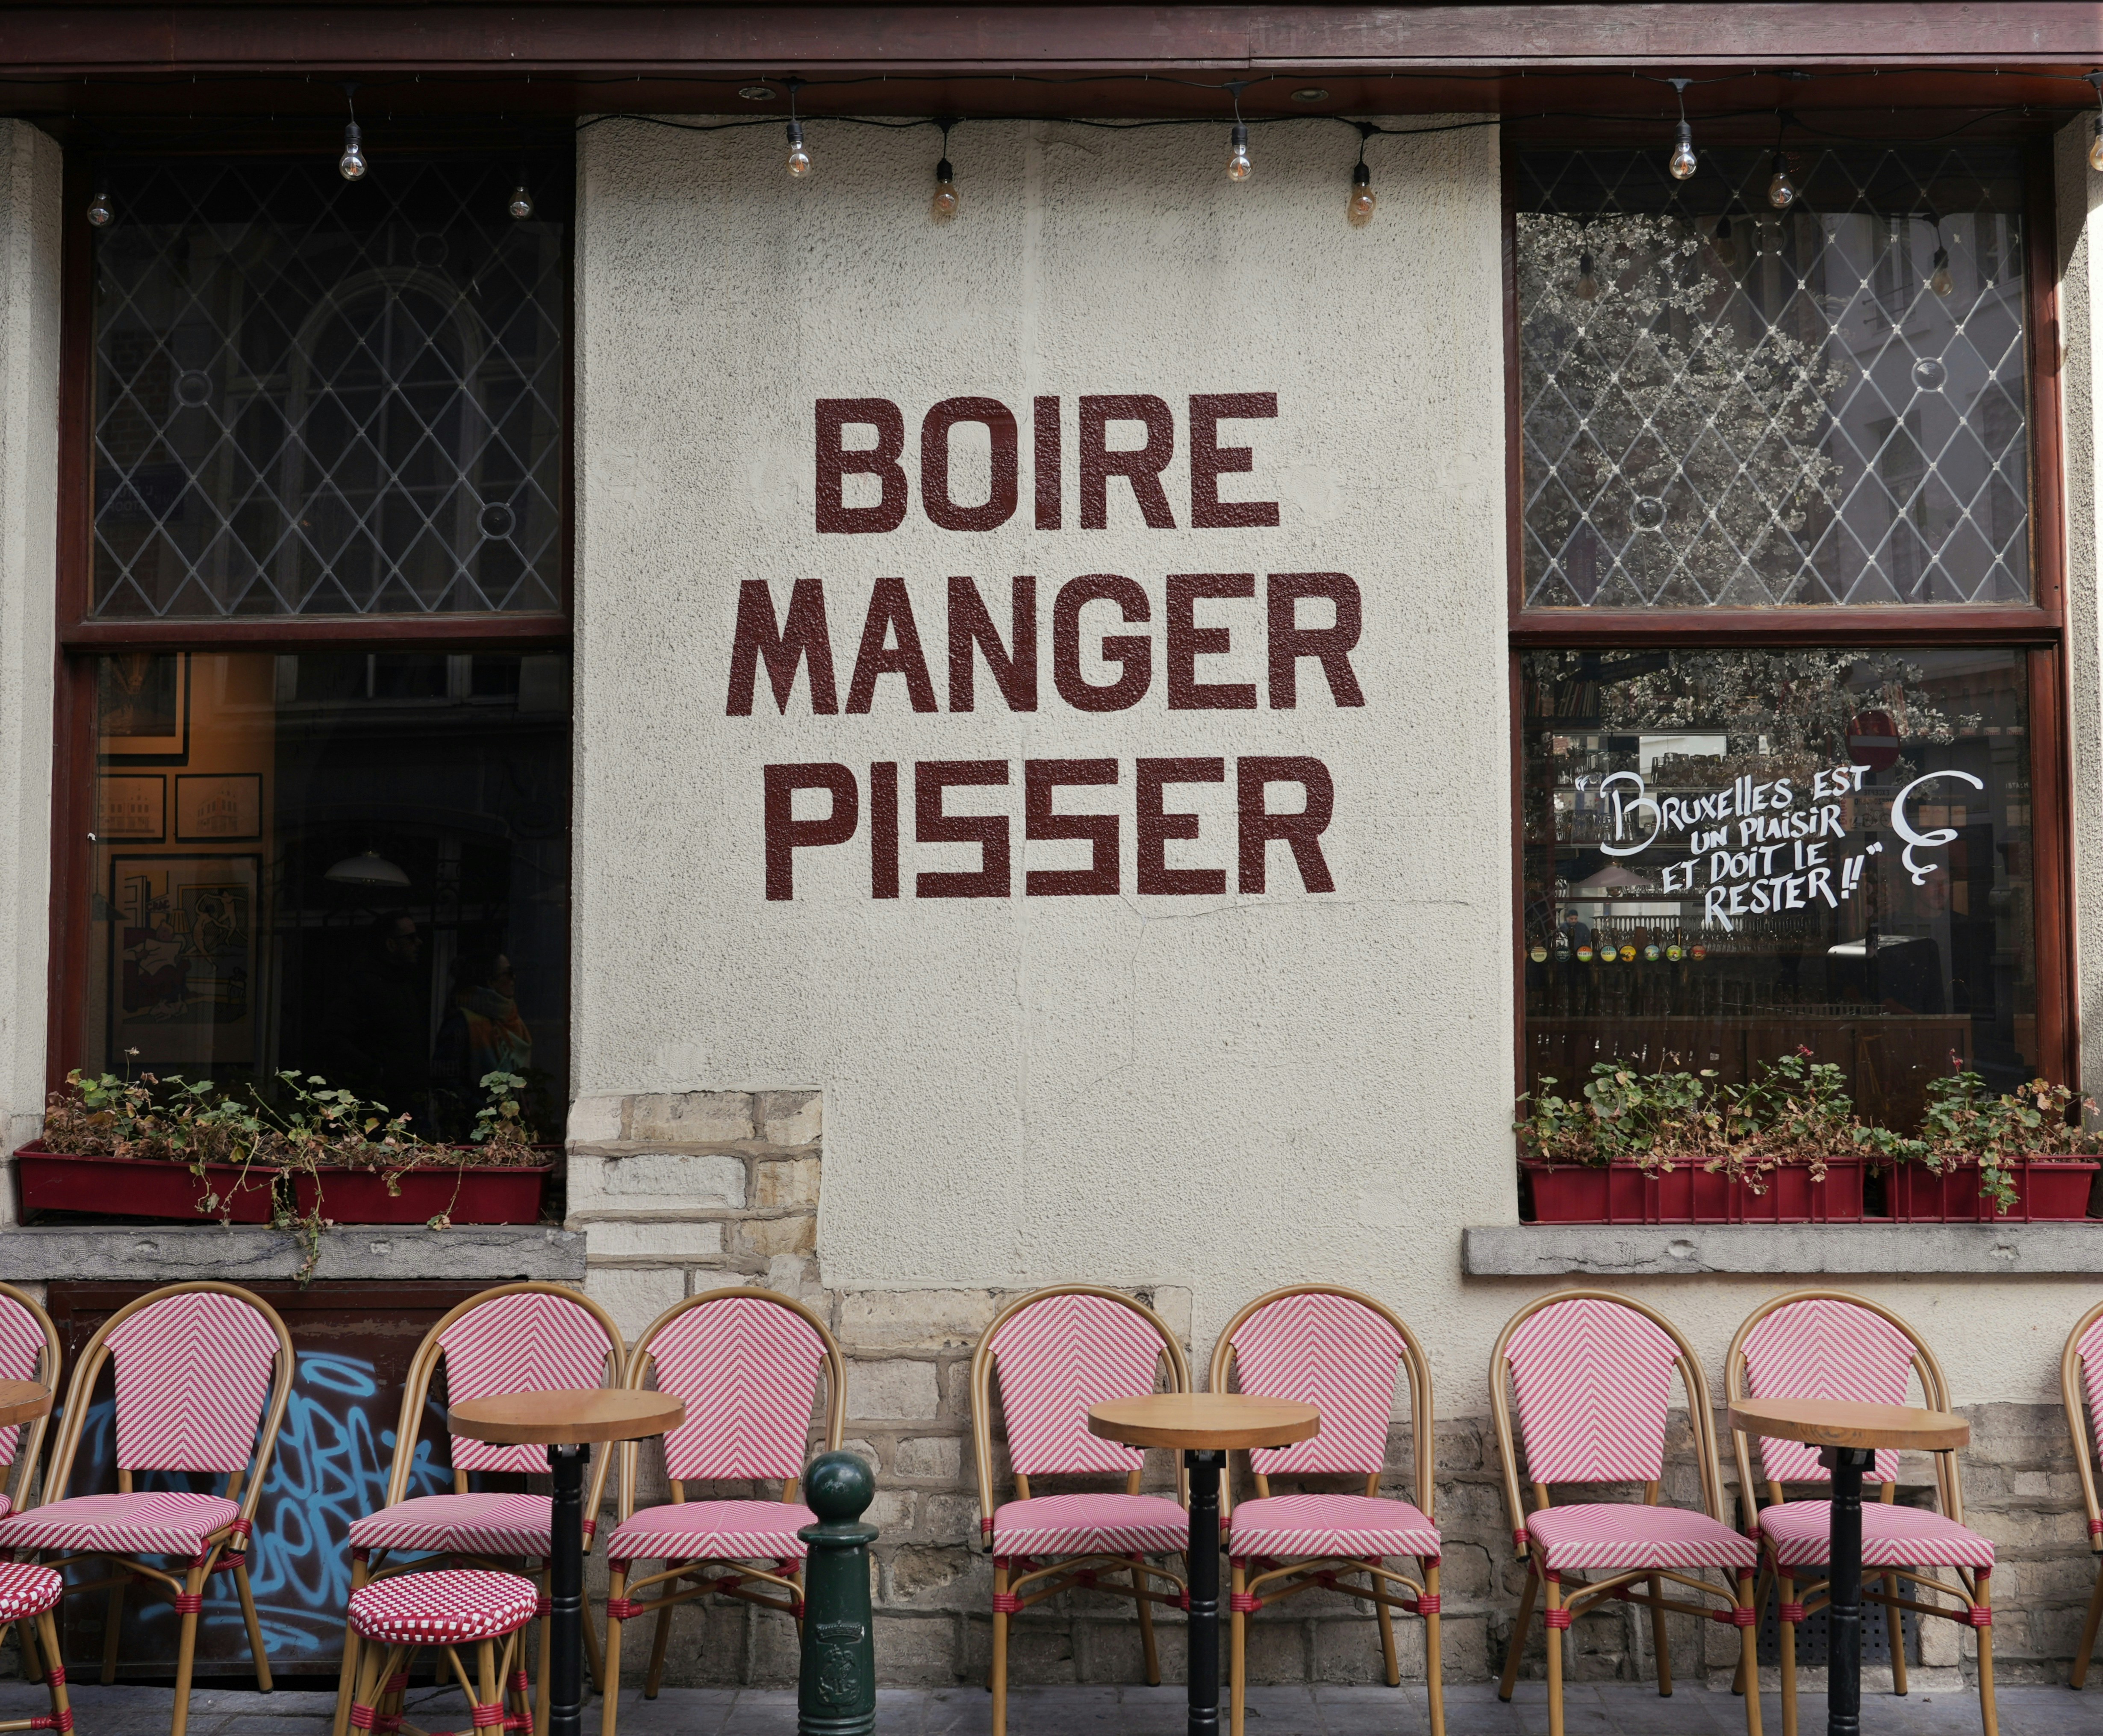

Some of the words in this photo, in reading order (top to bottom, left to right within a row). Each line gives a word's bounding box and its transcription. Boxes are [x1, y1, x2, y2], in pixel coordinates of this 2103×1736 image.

[815, 392, 1280, 534] BOIRE
[726, 572, 1365, 716] MANGER
[763, 756, 1335, 901] PISSER
[1813, 765, 1871, 801] EST
[1662, 858, 1700, 894] ET
[1794, 840, 1827, 870] LE
[1691, 825, 1728, 855] UN
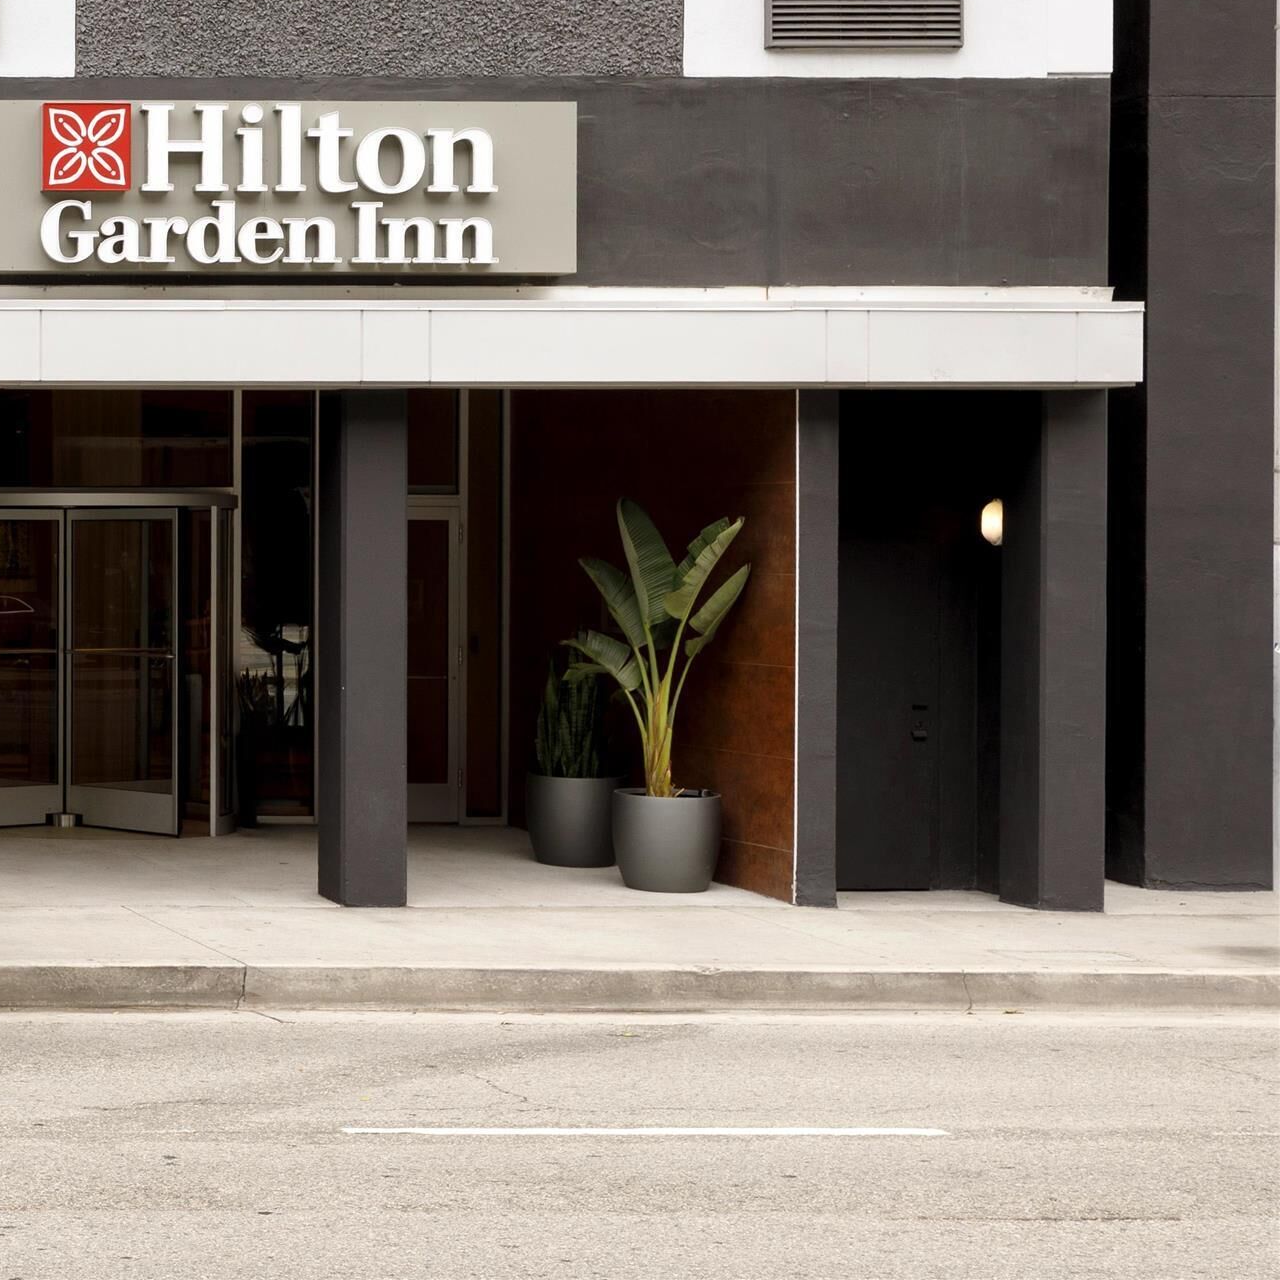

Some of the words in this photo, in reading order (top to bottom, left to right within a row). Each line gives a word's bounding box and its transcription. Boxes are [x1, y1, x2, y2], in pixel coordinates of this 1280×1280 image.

|---|

| Problem statement |
In the copy, include each entry exactly as written and none of the pictures.

| Response area |
Some of the words in this photo, in reading order (top to bottom, left to right within a row). Each line gives a word's bounding box and its transcription. Boxes are [x1, y1, x2, y2], in pixel coordinates of this 2103×1736 image.

[815, 392, 1280, 534] BOIRE
[726, 572, 1365, 716] MANGER
[763, 756, 1335, 901] PISSER
[1813, 765, 1871, 801] EST
[1662, 858, 1700, 894] ET
[1794, 840, 1827, 870] LE
[1691, 825, 1728, 855] UN

Some of the words in this photo, in reading order (top to bottom, left to right within a row). Each line gives a word's bounding box and its transcription. Boxes are [x1, y1, x2, y2], in pixel coordinates of this 1280×1280 image.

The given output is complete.